[Data for review — start]
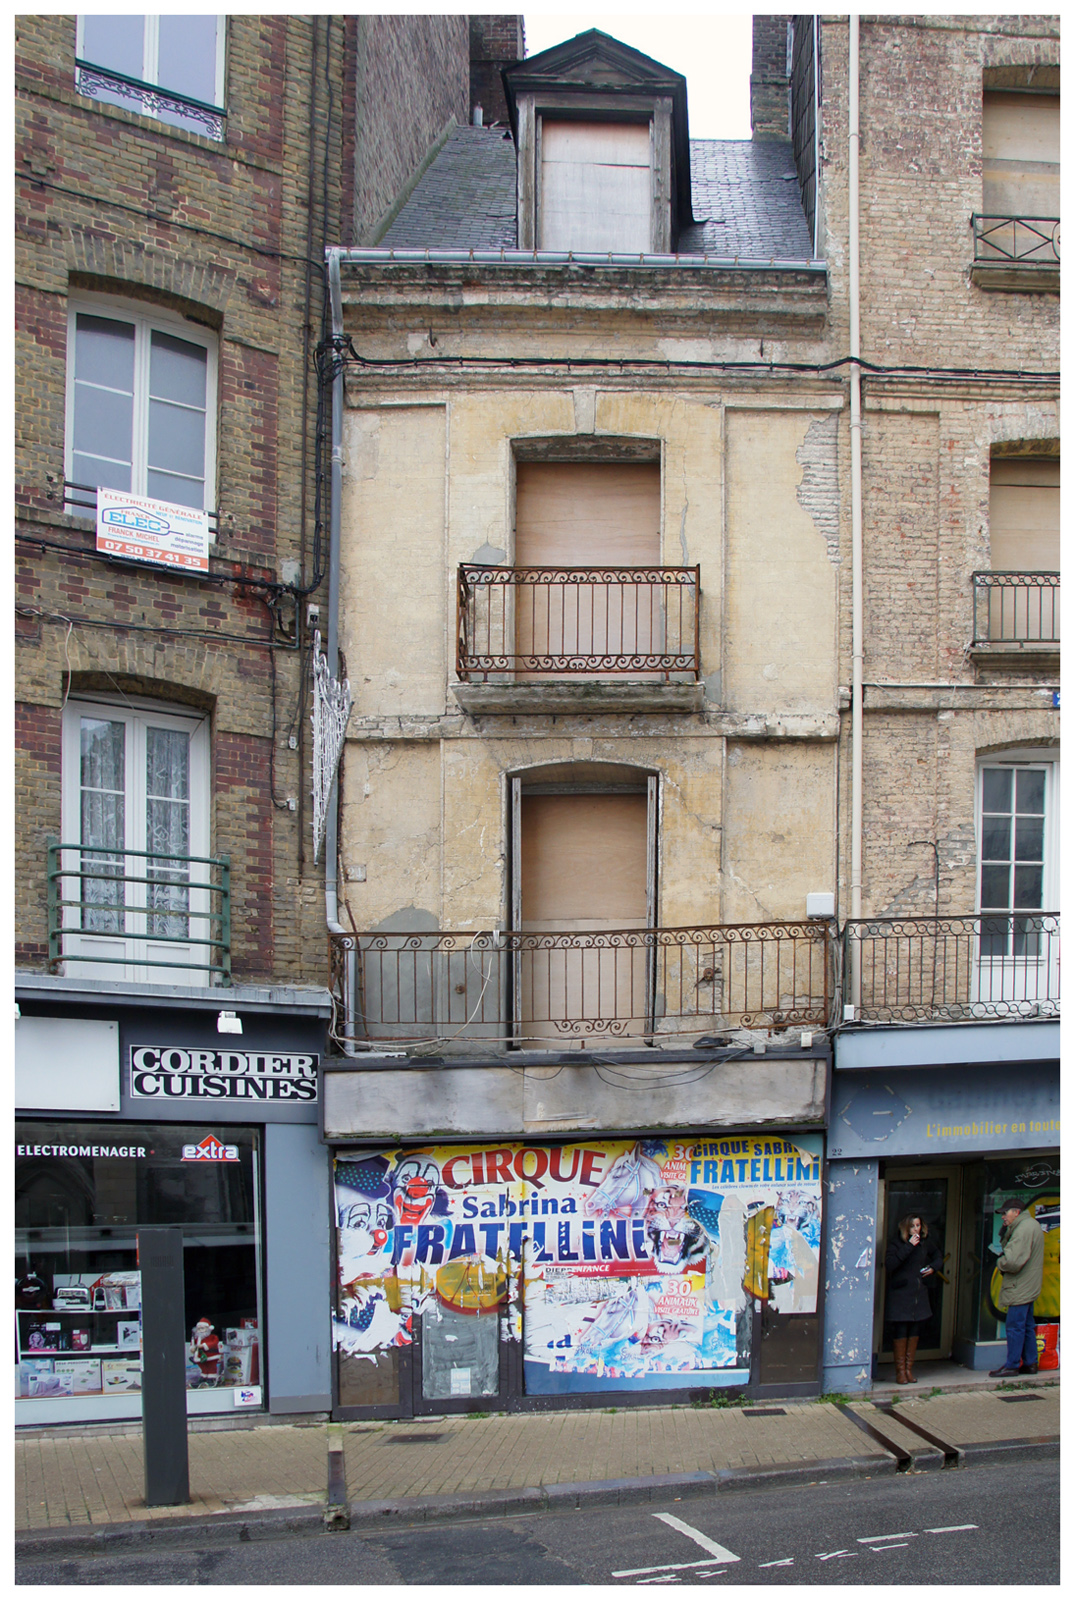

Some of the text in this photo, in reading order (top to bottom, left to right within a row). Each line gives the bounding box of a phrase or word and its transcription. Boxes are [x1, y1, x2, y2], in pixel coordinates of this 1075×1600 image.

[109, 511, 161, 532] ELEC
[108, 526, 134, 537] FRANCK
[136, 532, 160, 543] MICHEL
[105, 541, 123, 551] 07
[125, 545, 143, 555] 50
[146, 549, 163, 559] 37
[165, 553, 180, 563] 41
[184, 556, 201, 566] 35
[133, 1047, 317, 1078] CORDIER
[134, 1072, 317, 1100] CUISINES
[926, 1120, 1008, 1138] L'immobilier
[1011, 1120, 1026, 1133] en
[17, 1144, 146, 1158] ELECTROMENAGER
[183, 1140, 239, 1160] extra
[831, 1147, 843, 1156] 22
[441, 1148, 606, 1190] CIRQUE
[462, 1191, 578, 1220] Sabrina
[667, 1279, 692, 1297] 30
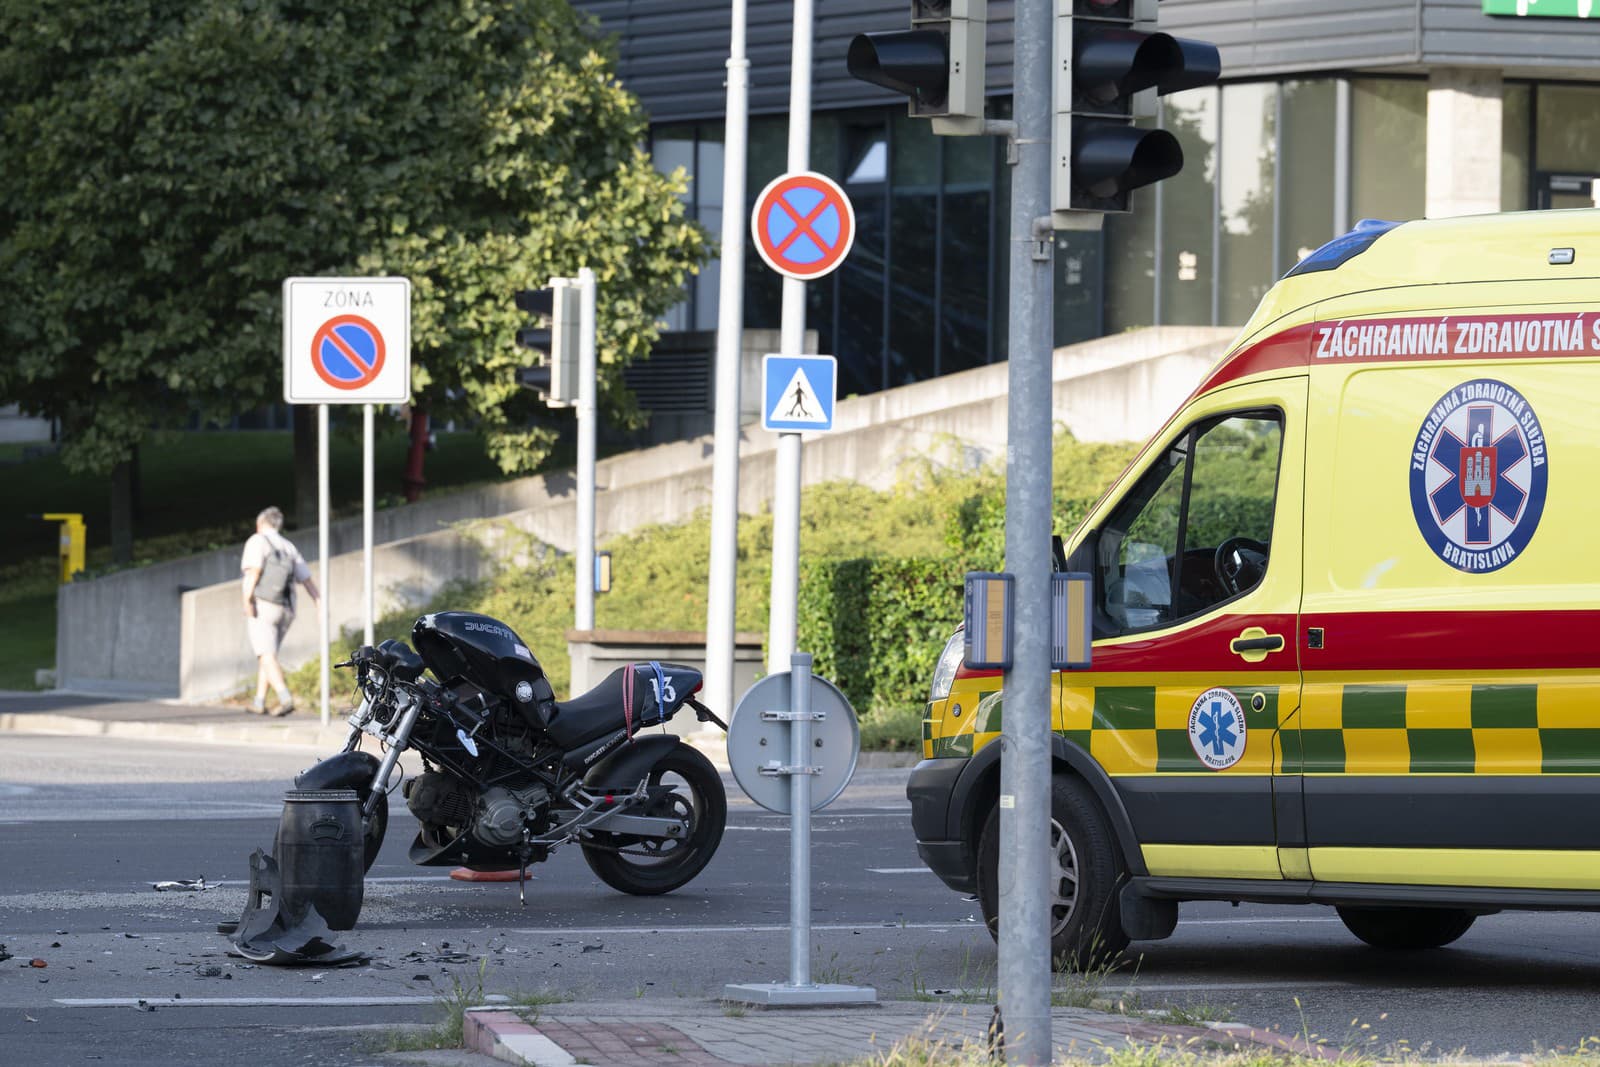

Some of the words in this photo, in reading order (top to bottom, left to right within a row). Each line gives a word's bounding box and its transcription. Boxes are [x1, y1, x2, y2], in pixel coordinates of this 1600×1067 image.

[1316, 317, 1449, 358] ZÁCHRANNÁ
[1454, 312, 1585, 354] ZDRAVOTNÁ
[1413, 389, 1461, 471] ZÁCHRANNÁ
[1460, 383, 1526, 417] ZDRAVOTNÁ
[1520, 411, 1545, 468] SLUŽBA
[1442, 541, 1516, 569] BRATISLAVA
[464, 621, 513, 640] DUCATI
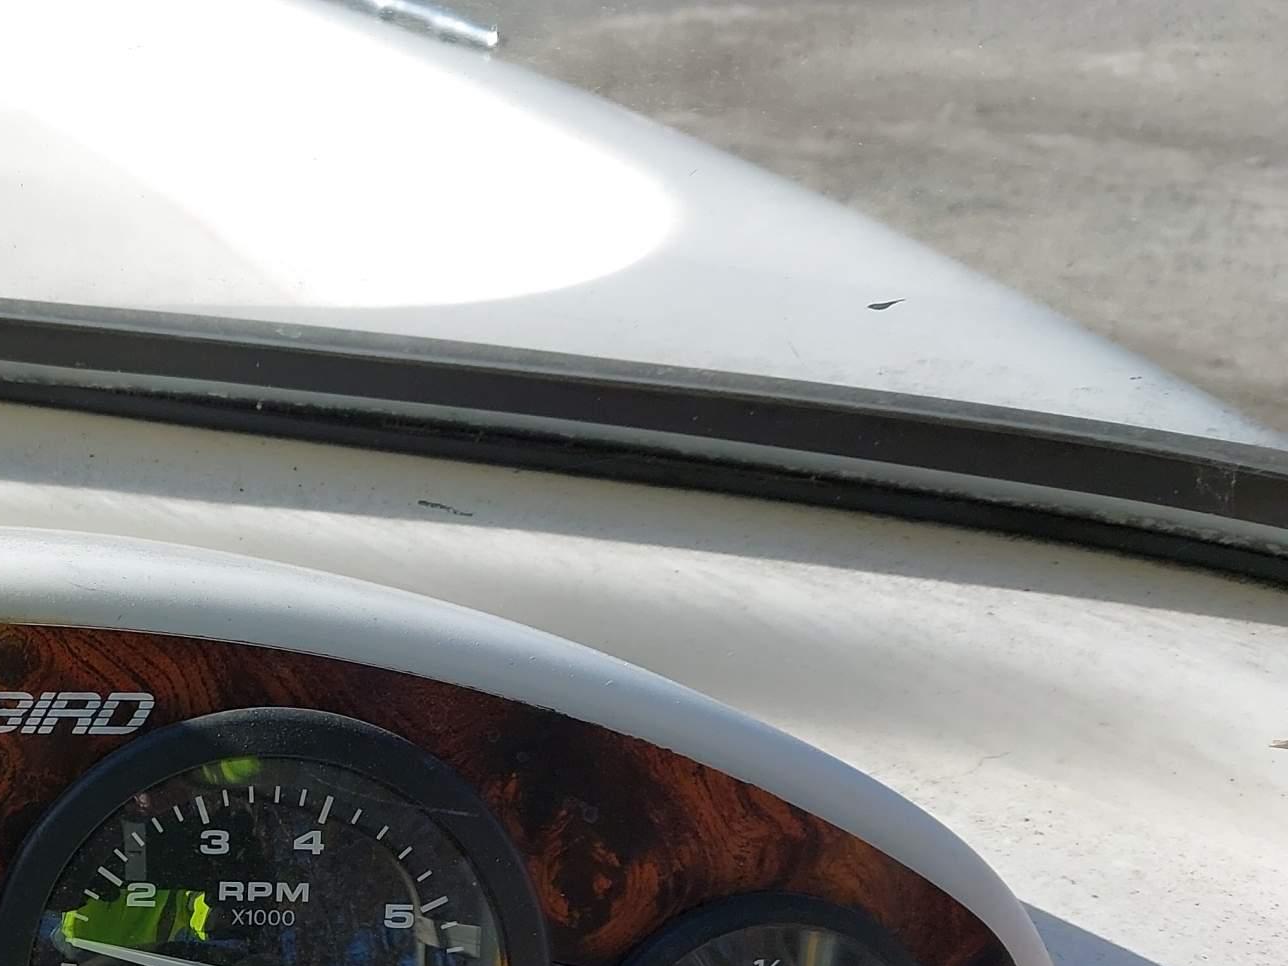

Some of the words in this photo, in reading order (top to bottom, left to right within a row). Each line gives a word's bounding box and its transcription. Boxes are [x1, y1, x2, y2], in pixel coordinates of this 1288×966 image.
[Data for review — finish]
Please write out every entry exactly, but skip the pictures.

Answer section:
Some of the text in this photo, in reading order (top to bottom, left to right within a row). Each line gives the bounding box of a phrase or word and its transcription. Boxes are [x1, y1, x2, y2], in pixel coordinates of this 1075×1600 image.

[109, 511, 161, 532] ELEC
[108, 526, 134, 537] FRANCK
[136, 532, 160, 543] MICHEL
[105, 541, 123, 551] 07
[125, 545, 143, 555] 50
[146, 549, 163, 559] 37
[165, 553, 180, 563] 41
[184, 556, 201, 566] 35
[133, 1047, 317, 1078] CORDIER
[134, 1072, 317, 1100] CUISINES
[926, 1120, 1008, 1138] L'immobilier
[1011, 1120, 1026, 1133] en
[17, 1144, 146, 1158] ELECTROMENAGER
[183, 1140, 239, 1160] extra
[831, 1147, 843, 1156] 22
[441, 1148, 606, 1190] CIRQUE
[462, 1191, 578, 1220] Sabrina
[667, 1279, 692, 1297] 30

Some of the words in this photo, in reading order (top to bottom, left to right within a row). Each line gives a word's bounding box and its transcription. Boxes are [x1, y1, x2, y2], in pixel coordinates of this 1600×1067 image.

[1316, 317, 1449, 358] ZÁCHRANNÁ
[1454, 312, 1585, 354] ZDRAVOTNÁ
[1413, 389, 1461, 471] ZÁCHRANNÁ
[1460, 383, 1526, 417] ZDRAVOTNÁ
[1520, 411, 1545, 468] SLUŽBA
[1442, 541, 1516, 569] BRATISLAVA
[464, 621, 513, 640] DUCATI

Some of the words in this photo, in reading order (top to bottom, left to right within a row). Each line gives a word's bounding box and its transcription. Boxes are [x1, y1, x2, y2], in pixel coordinates of this 1288×966 image.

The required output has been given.